*** Material supplied ***

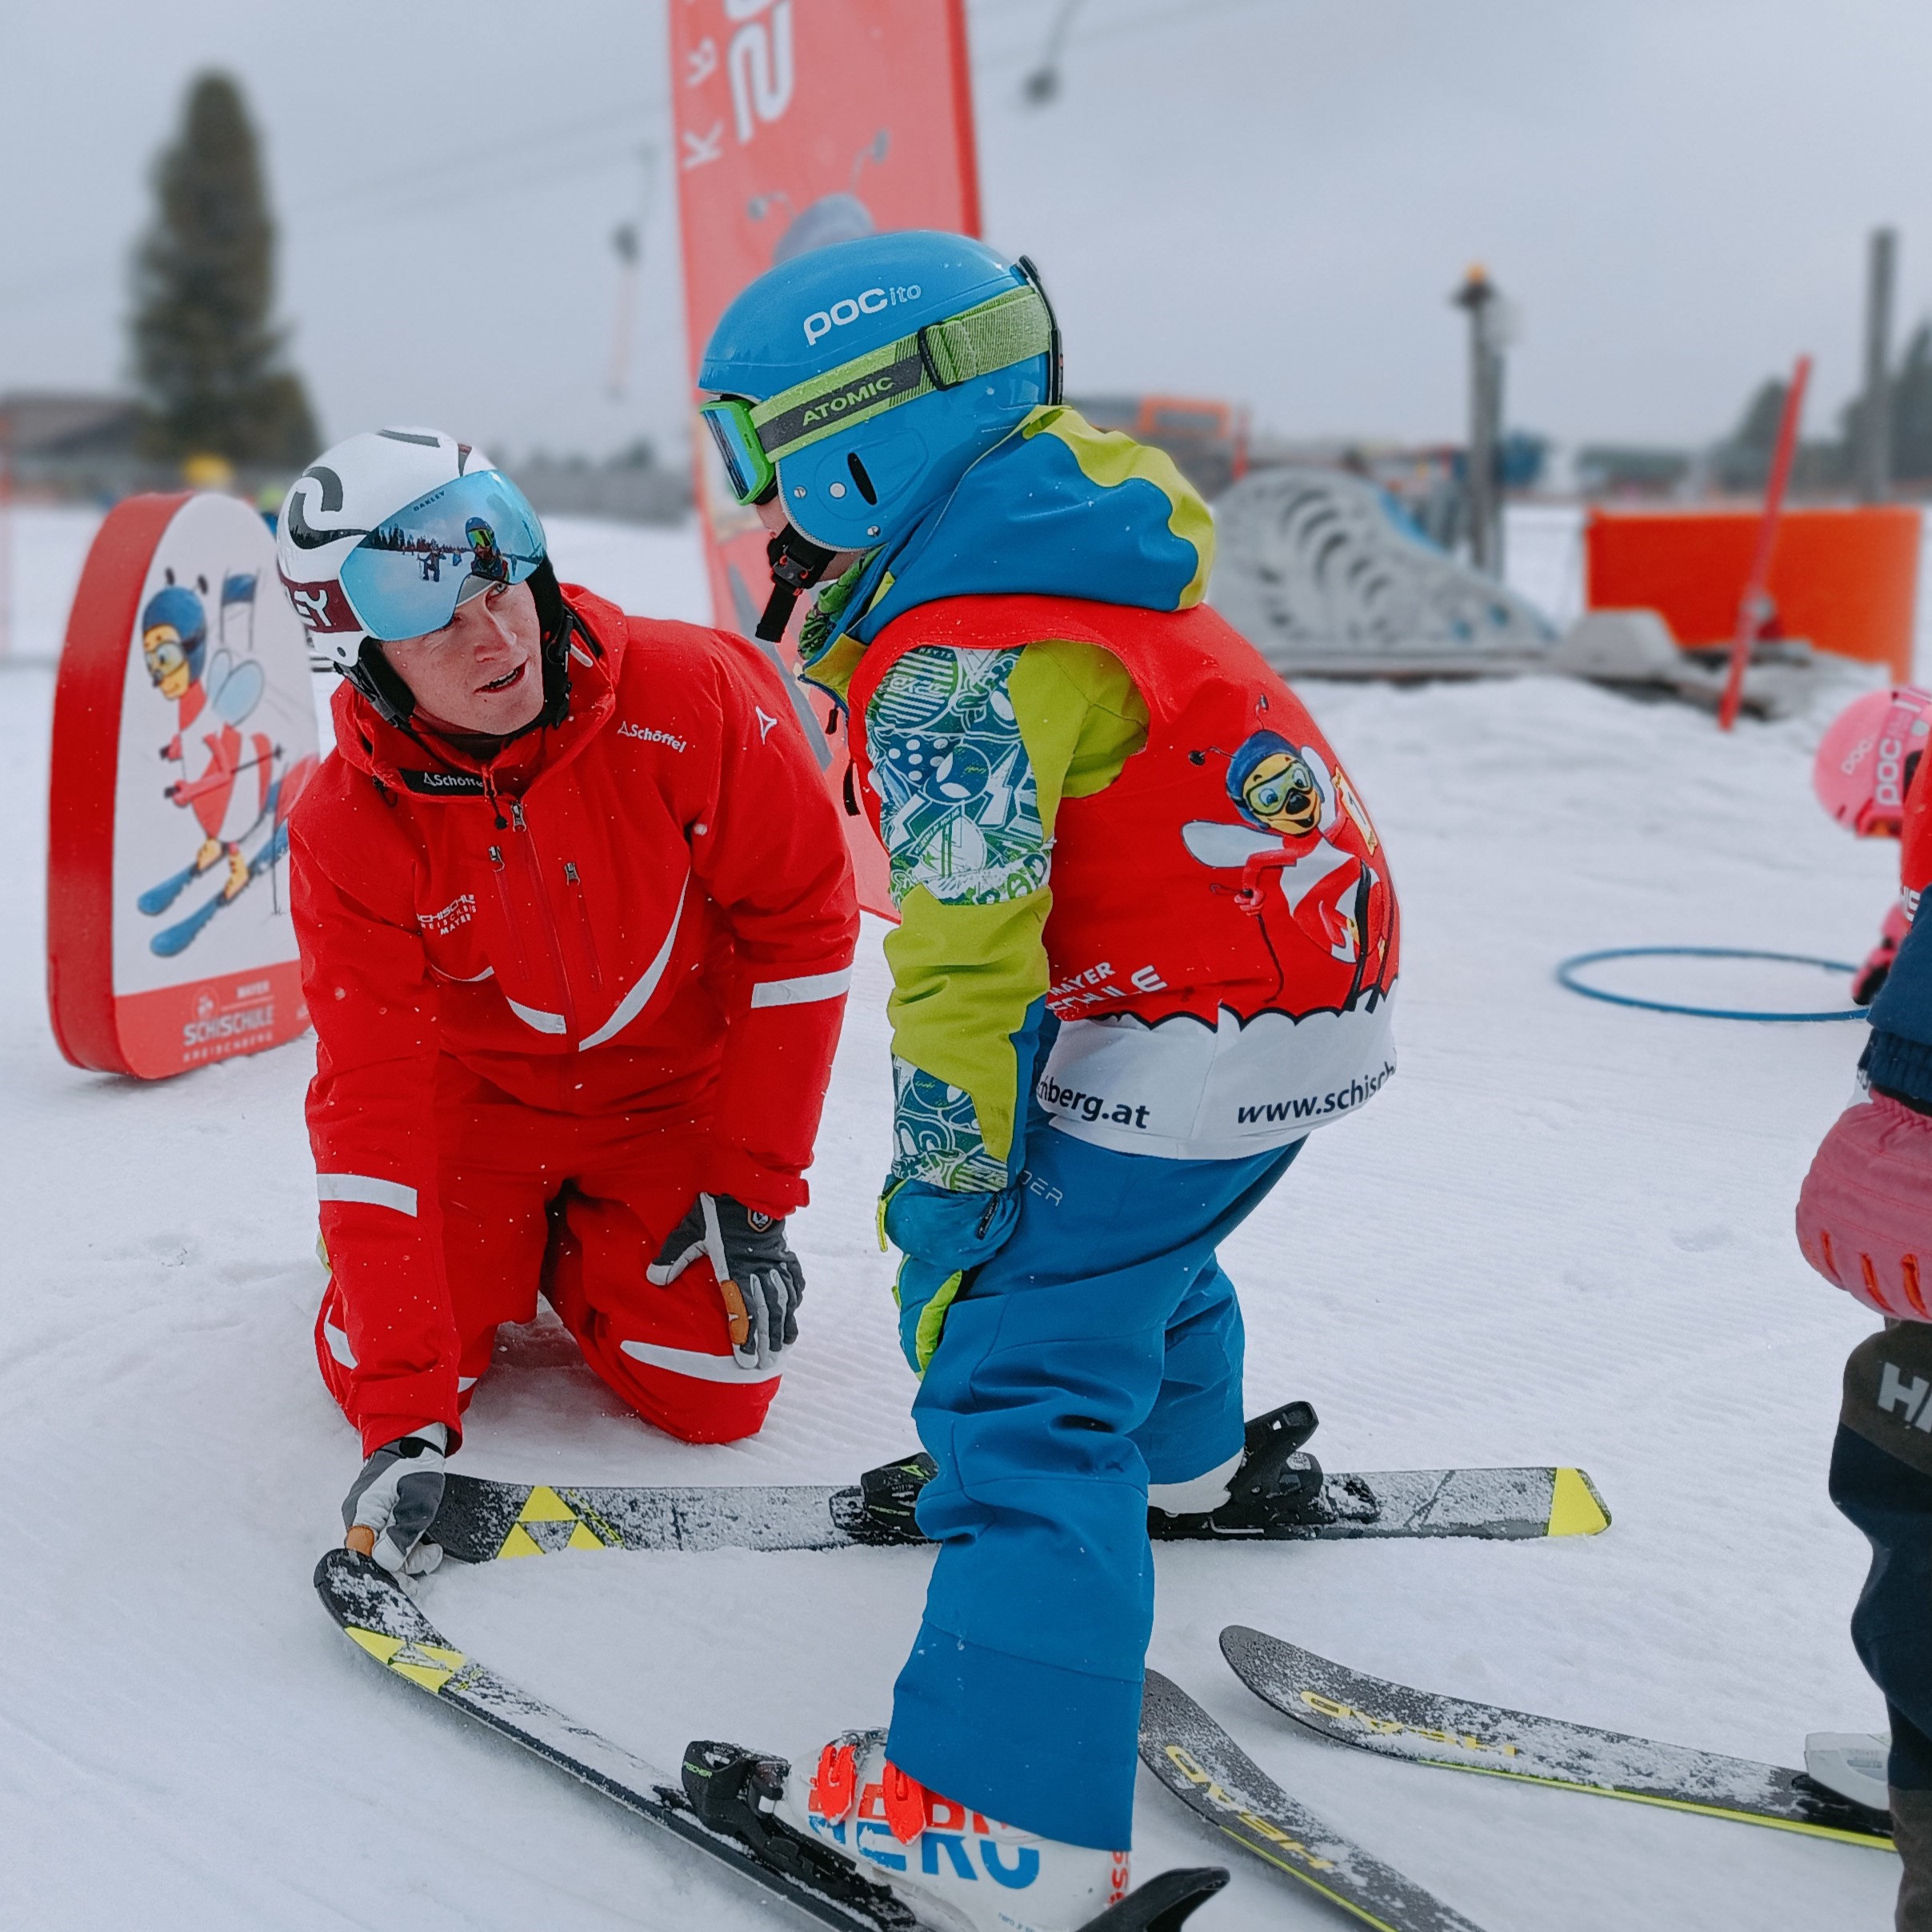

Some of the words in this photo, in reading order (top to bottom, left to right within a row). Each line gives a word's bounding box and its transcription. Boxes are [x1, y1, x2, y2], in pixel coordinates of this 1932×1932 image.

[802, 377, 894, 426] ATOMIC
[413, 490, 446, 512] OAKLEY
[630, 723, 687, 753] Schöffel
[1875, 737, 1902, 806] POC
[1048, 962, 1116, 996] MAYER
[183, 1004, 274, 1046] SCHISCHULE

*** End of Material supplied ***

__Work instructions__: The records must come back exactly, with their pictures removed.

__Response box__:
Some of the words in this photo, in reading order (top to bottom, left to right within a row). Each line gives a word's bounding box and its transcription. Boxes are [x1, y1, x2, y2], in pixel coordinates of this 1932×1932 image.

[802, 377, 894, 426] ATOMIC
[413, 490, 446, 512] OAKLEY
[630, 723, 687, 753] Schöffel
[1875, 737, 1902, 806] POC
[1048, 962, 1116, 996] MAYER
[183, 1004, 274, 1046] SCHISCHULE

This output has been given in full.